Networking awareness based on homelessness experience

The San Diego Homeless-Experienced Advocacy and Leadership Network, which originally launched in April 2019 and trained participants in northern and central San Diego County to advocate for public policy, is creating a new group in East County with plans for another to follow in South Bay.

At its core, the program is designed for homeless or formerly homeless residents to contribute their perspective to policy makers who, ideally, use the feedback to develop smarter programs that could lead to better outcomes.
San Diego Housing Federation resident and community organizer Mehrsa Imani, who oversees the program, said a historic approach to homelessness outreach has typically included policy experts, but “we need to make our voices heard of those who have had experiences” to really make an impact on homelessness.

“HEAL takes the approach of trying to understand the agencies and people who make decisions related to homelessness. When the program was established, we and the participants asked where the conversations were taking place and asked how people with lived experiences could have a voice. One way to break down the barriers is to work on some of the gaps, the issues, the loops where people get caught up in the system. We work with people to change and improve policies so that pathways out of homelessness become clearer,” said Imani.

Each cohort undergoes a five-week training program during which participants explain how homelessness-related priorities can be linked to conversations with elected officials and their specific platforms.

“One strategy has been to meet with elected officials who have been more aligned with our views and broadened over time. However, we also wonder how we can talk to other elected officials, even if housing and homelessness are not their top priority. At the end of April, we had a legislative forum inviting city and county elected officials. HEAL created a presentation in which the speakers reviewed their own experiences, talked about some myths to demystify and shared solutions,” Imani said.

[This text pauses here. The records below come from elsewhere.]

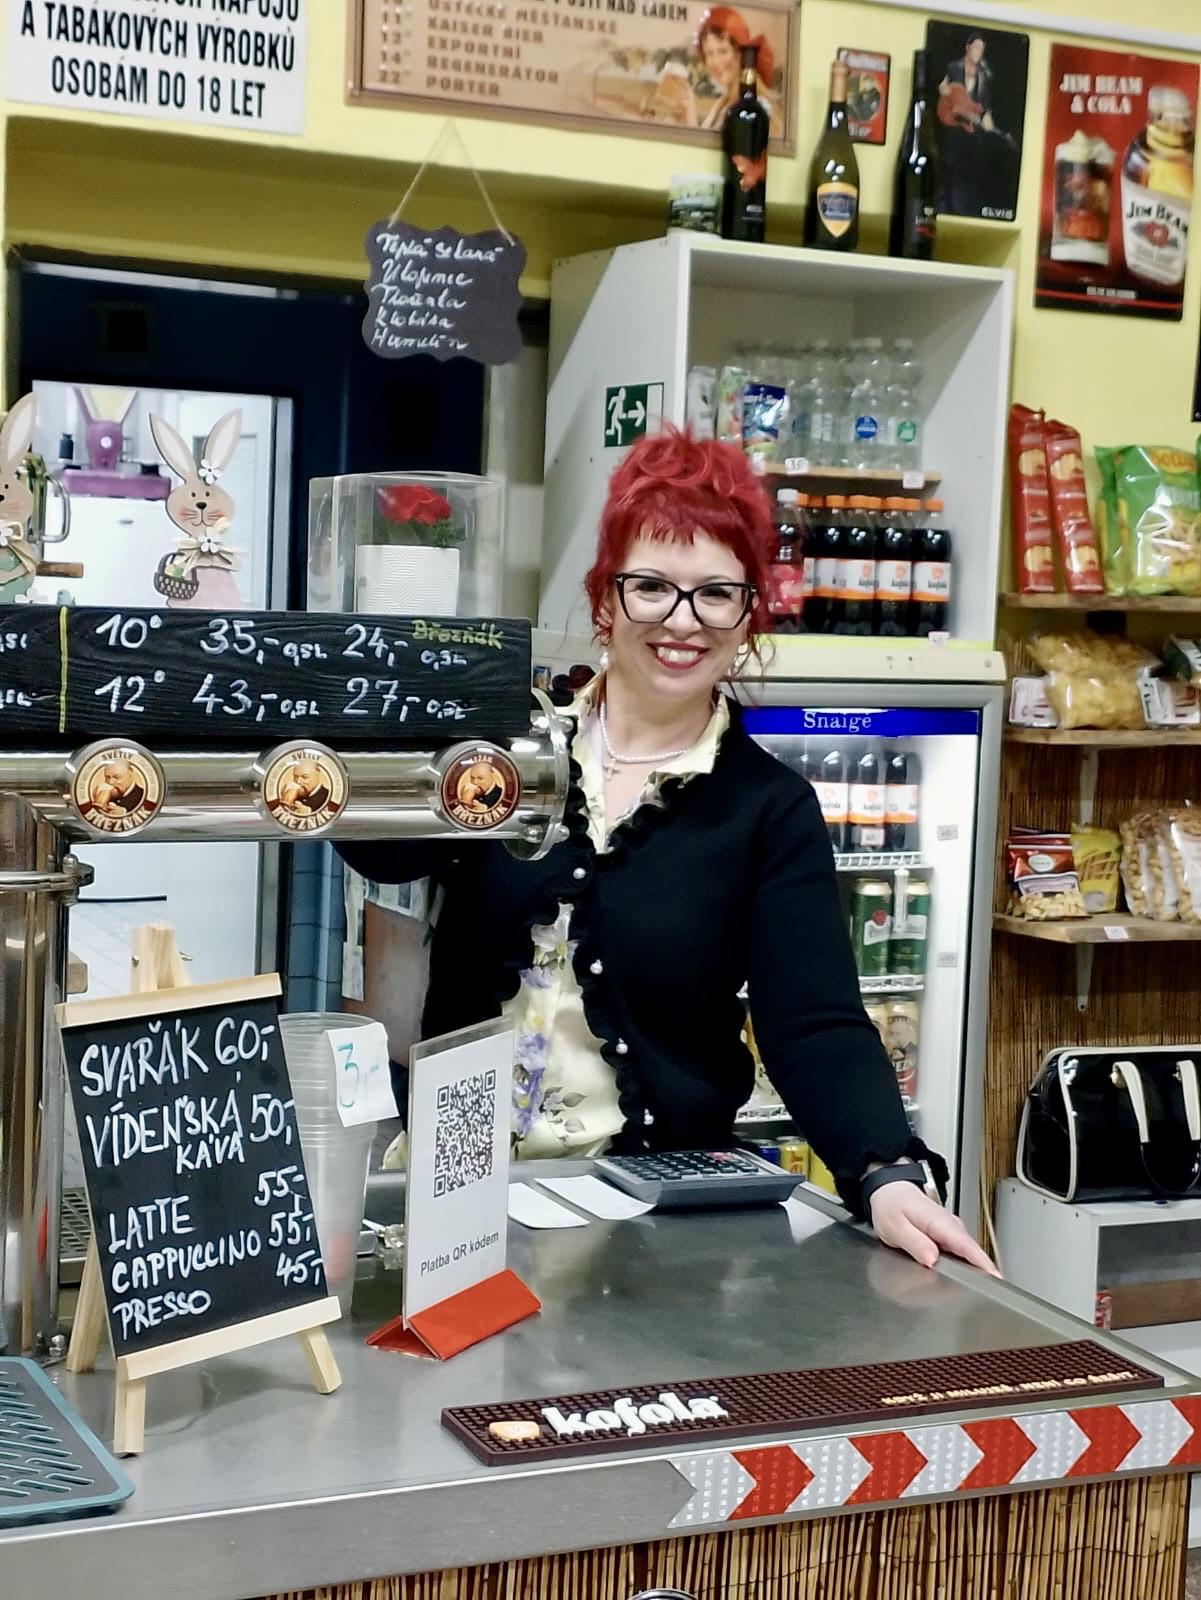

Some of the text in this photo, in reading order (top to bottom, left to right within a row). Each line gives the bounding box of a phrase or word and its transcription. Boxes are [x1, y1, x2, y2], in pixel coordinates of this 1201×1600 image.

[428, 17, 493, 36] KAISER
[503, 27, 544, 43] BIER
[642, 4, 688, 21] LABEM
[21, 0, 296, 72] A TABÁKOVÝCH VÝROBKŮ
[428, 36, 521, 59] EXPORTNÍ
[52, 55, 267, 118] OSOBÁM DO 18 LET
[426, 75, 500, 96] PORTER
[427, 55, 559, 84] REGENERÁTOR
[1059, 73, 1143, 96] JIM BEAM
[1071, 94, 1132, 115] & COLA
[981, 206, 1013, 219] ELVIS
[96, 614, 162, 648] 10°
[200, 618, 279, 665] 35,-
[342, 624, 408, 667] 24,-
[95, 670, 166, 713] 12°
[192, 673, 278, 722] 43,-
[342, 677, 421, 722] 27,-
[79, 1016, 275, 1099] SVAŘÁK 60,-
[176, 1134, 246, 1175] KÁVA
[107, 1195, 197, 1255] LATTE
[111, 1229, 262, 1294] CAPPUCCINO
[420, 1231, 499, 1277] Platba QR kódem
[112, 1289, 212, 1340] PRESSO
[541, 1392, 729, 1438] kofola

She also said it’s important to note that HEAL members repeatedly say they “want to be involved in recommending solutions that are proposed and then implemented” rather than just giving feedback on existing plans. , essentially helping to develop policies.

In East County, HEAL partnered with Community Action Service Advocacy for training. CASA Executive Director Dana Stevens said CASA Associate Director Bonnie Baranoff will coordinate the first East County Cohort alongside Imani and “hopefully it will help people build self-confidence.” to find their voice and share their journey” to change perception and ultimately reduce homelessness.

“I think the HEAL Network is going to raise the voice of our housed residents, business leaders, anyone with an interest in this game – that is, everyone – and help people who don’t haven’t had that experience of understanding how unique each person’s situation is,” Baranoff said.
Regardless of how someone became homeless or “whether they need permanent supportive housing due to illness or something more temporary”, the end solution is the same. for everyone, said Baranoff: Everyone needs a roof over their head to get out of homelessness.

Often, Stevens said, elected officials want to hear from voters, but they seem to craft homeless outreach policy without making the effort to hear formative ideas or feedback from residents who have been there.

“I think that by helping to empower people with lived experiences, they can build the confidence to tell their own story. We need to take it easy with people, but hearing true stories can correct misperceptions and inaccuracies that we hear from elected officials and community members who have never known someone who has been left homeless enough to understand that it can be a series of events gone wrong – a simple thing like losing your vehicle or the loss of your job that snowballs into a bigger problem, or a health issue that contributes to the loss of your home. We can bridge the gap by spreading these stories,” Stevens said and these stories can help inform policy.

A video Imani uses as part of outreach and training features a HEAL member identified only as Dennis, who ran a drug treatment center in Orange County before he unexpectedly found himself homeless . He “thought he understood why people end up homeless” until he went through the experience and realized his assumptions were wrong. It’s stories like hers, Imani said, that can lead to better politics, because politicians can also have misinformation or a lack of understanding that can only come from living homeless.

Additionally, she said, some participants told her that the experience of the training, learning to advocate for others is therapeutic.

“When you fall into homelessness, no one hands you a manual on how to be homeless. It helps people become advocates, to understand once you’re not homeless, what’s next? Imani said.